To begin with, for the context: there are very few ports which require fixes specific to the developer pre-release versions of 10.6 (relevant for PowerPC, but in fact as much applicable to Intel). Perhaps, something around 15–20 altogether, excluding versions of the same (there are several gccs which need identical fix, etc.). Which make up to about ~30 ports.

However:

  1. Some of those in present form are not portable – in a sense they will compromise standard 10.6.x, at least potentially. So they should not be in the master in any case.
  2. As we know, there are maintainers who happen to oppose fixing their ports for pre-released macOS versions, which makes it impossible to fix those ports, regardless of whether fixes in question are generally desirable, sound etc.

While I oppose the idea to move all PowerPC support to a separate tree or repo, I am perfectly fine, and in fact for, upon reconsideration, having a separate tree for 10a190, where I can place fixes which are genuinely required only for pre-release 10.6 and no other systems.

This would solve, at least partly, a number of problems:

  1. We can have Pythons and GCCs fixed for 10a190 straightaway – I have those fixed and working, but Pythons fixes are blocked by their maintainer and GCC fixes in existing form are incompatible with regular 10.6 (and while I can make them compatible even now, I do not yet have a way to make in neatly).
  2. For developers and end-users there will be still an official trust-worthy source, even though a secondary one, which is preferable as compared to my personal repo.
  3. It will make situation transparent and easy to monitor for everyone who may wish: I do not want to keep being accused of introducing hundreds of 10.6 ppc-specific hacks :) I admit a few hacks are in fact needed, and IMO they should be available to those in need of them, but Ken is right in that such fixes should not compromise any other systems; it is also understandable that in some cases portfiles are too complex already, and any extra code will make them less readable.
  4. I can also use such tree for experimental ports specifically targeting PowerPC (not specific to 10.6 ppc), but not being ready for the master.
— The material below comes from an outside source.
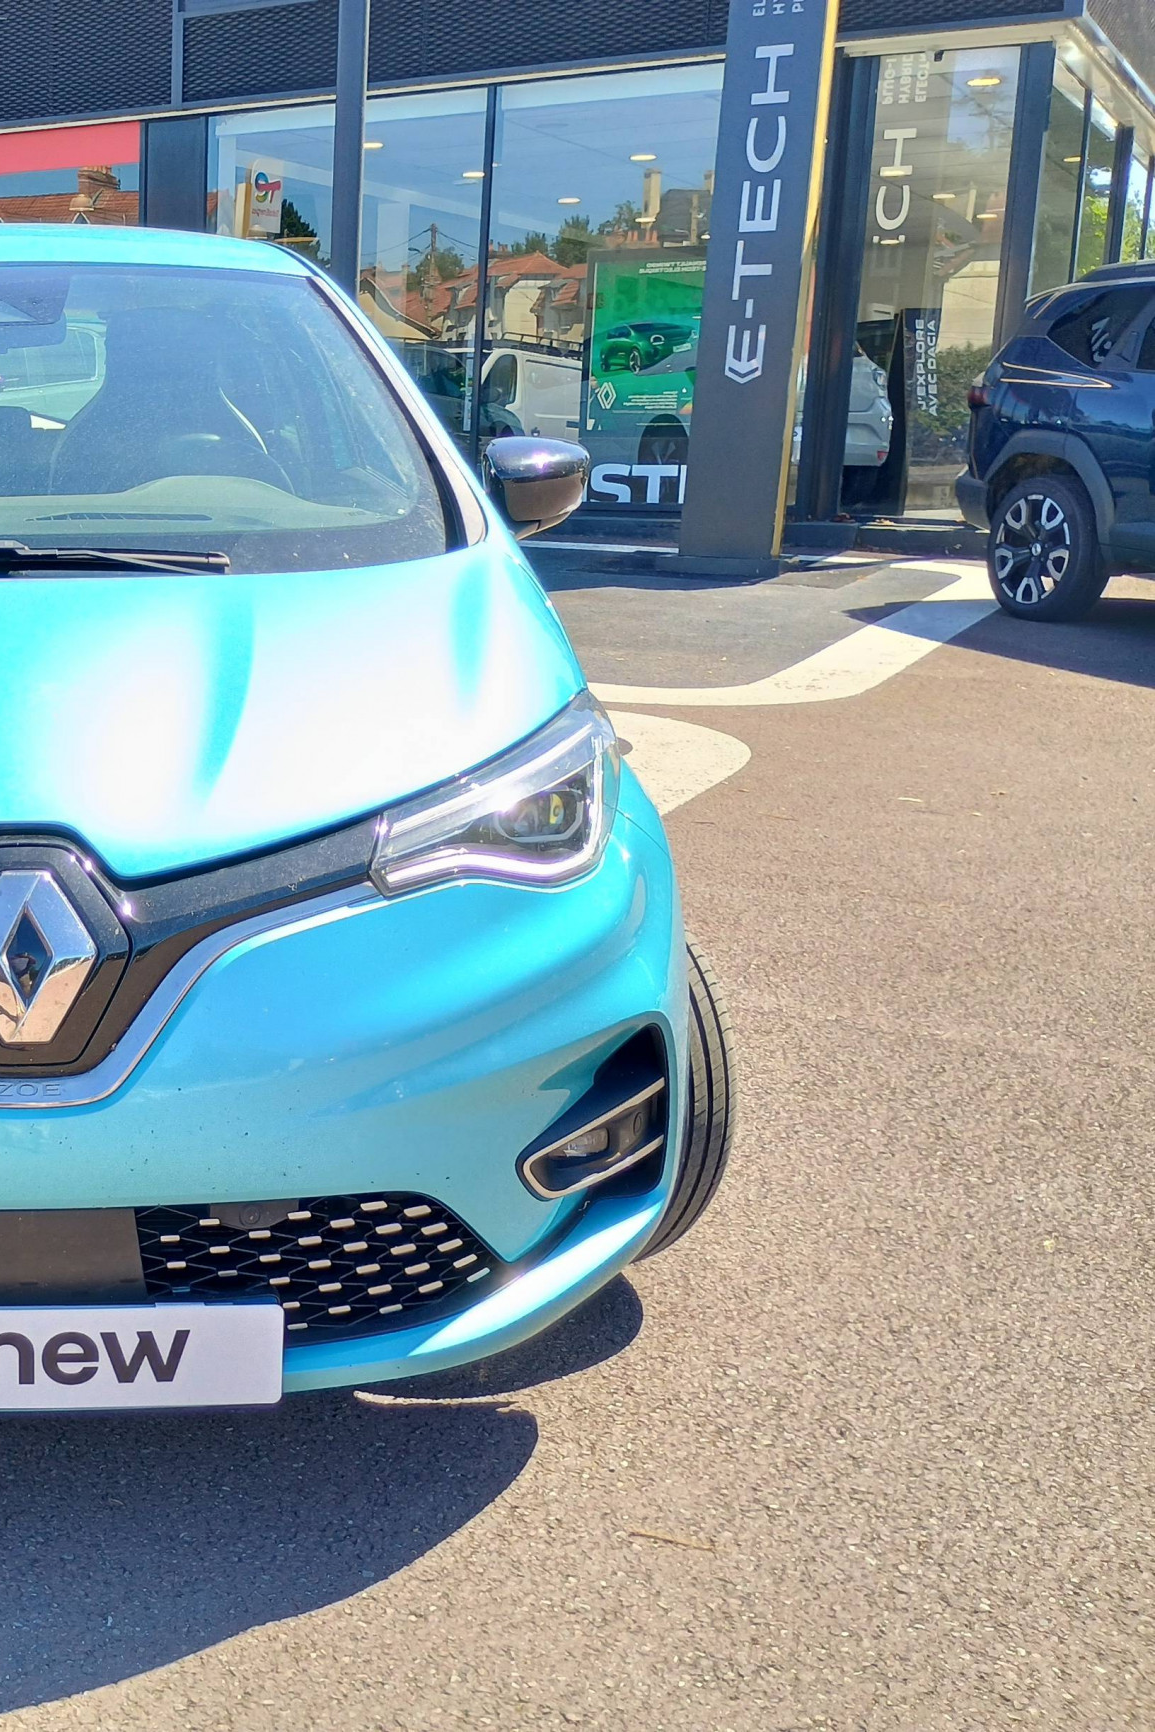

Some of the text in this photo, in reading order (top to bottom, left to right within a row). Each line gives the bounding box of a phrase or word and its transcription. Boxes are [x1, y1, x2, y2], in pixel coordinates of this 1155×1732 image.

[724, 43, 795, 384] E-TECH
[915, 318, 927, 411] J'EXPLORE
[926, 319, 938, 417] AVEC DACIA
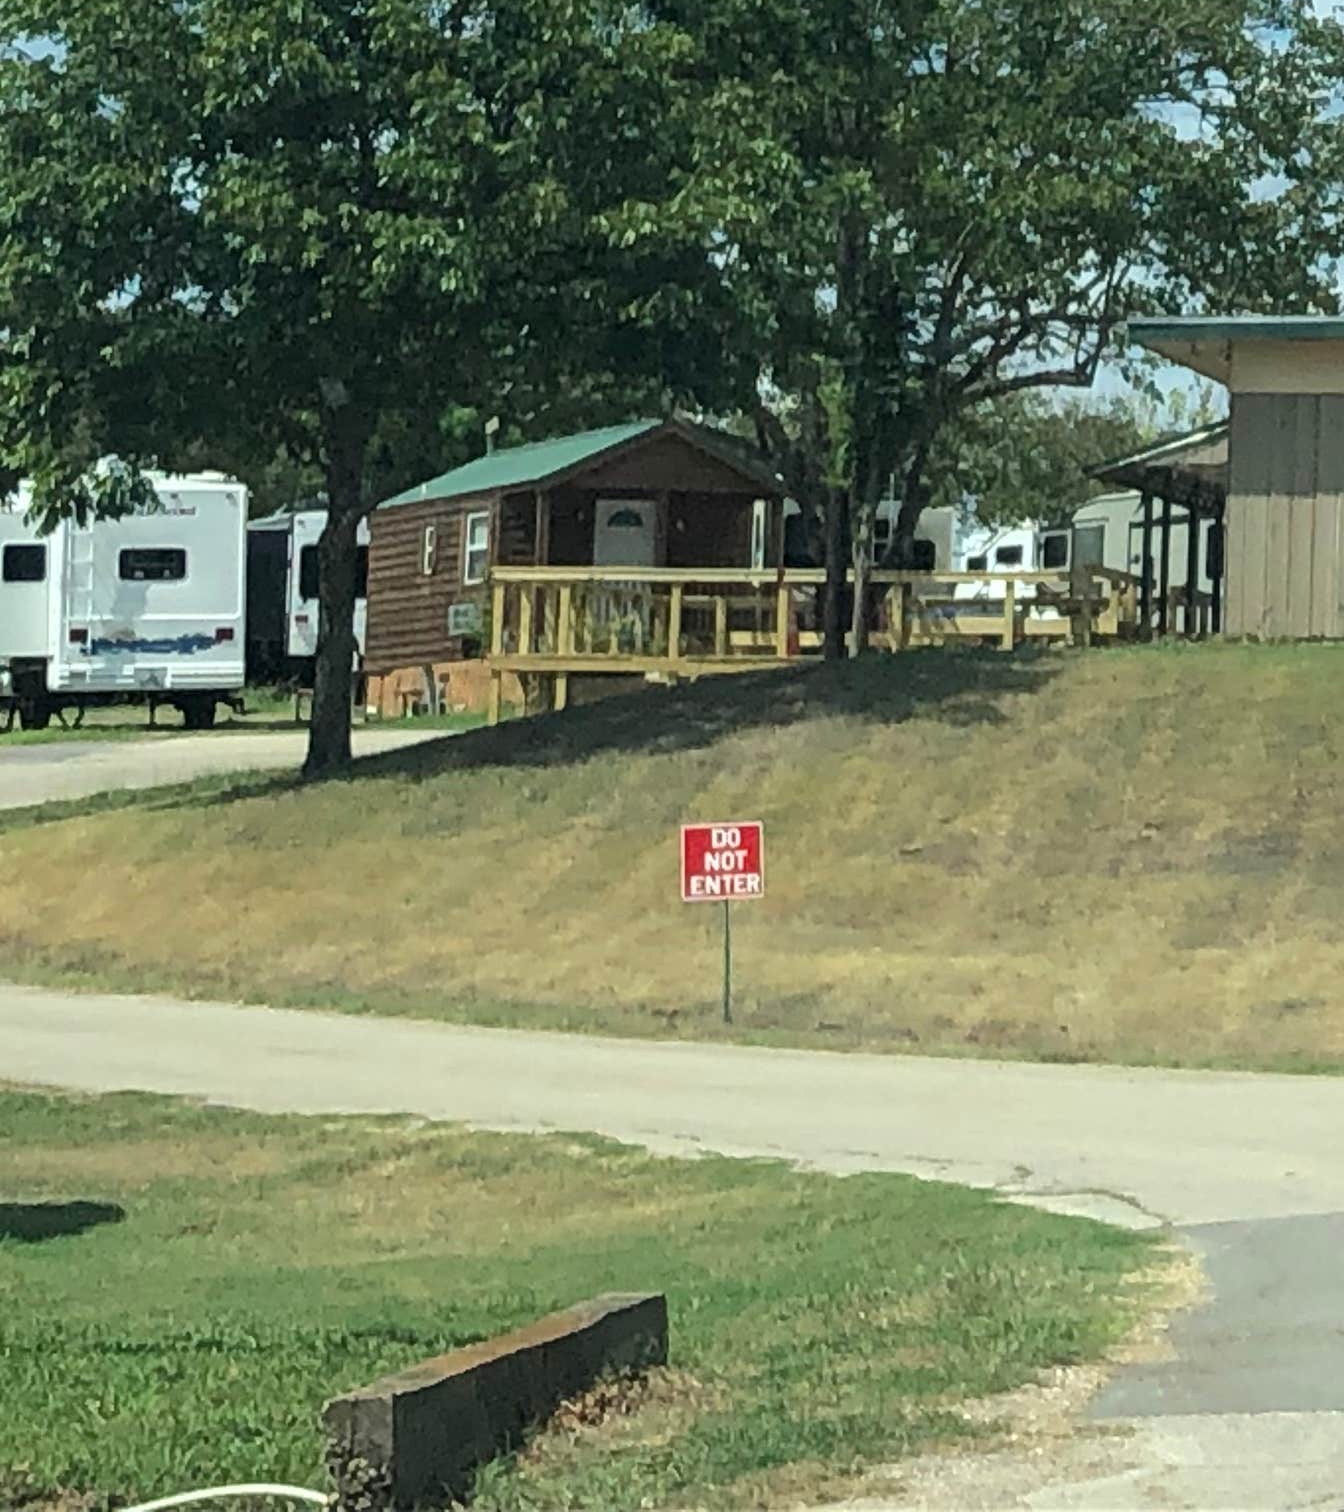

For example, SDL2 and VLC2. This gonna make it easier for others to test such ports (and maybe help with fixing them).
  5. If there is a separate tree to which I have commit rights, it make my life easier, after all. I will still have an incentive to make any fixes to that tree sane, concise and complying to Macports policies, since I hope that minimal and safe ones can be accepted into master, at least some of those. But a separate tree will make it easy to review for others, and I do not need to fight over each PR. At the same time it is perfectly safe (since all 10A190-specific stuff is not in the master and does not affect anyone at all) and also, hopefully, addresses Ken’s point of supposed difficulty of getting rid of my fixes (in a case Macports developers collectively decide in favor of that): removing a tree is trivial, if desired.

It is not necessary, at least not from the start, to make any change to the base to pick such a repo in case one is on 10.6 ppc. It can be introduced as an isolated thing: though on Macports Github as a branch, nothing will address it, and if anyone wishes to use it, they will need to tweak their set-up manually.

  1. S. Addressing Kirill’s consideration re maintenance difficulty: if the tree is for 10A190 only, this is easy for me to maintain and rebase against the master regularly. I do it anyway for myself. In fact, it is mostly “do it once for a few ports and then just routinely rebase”.

What do you all think?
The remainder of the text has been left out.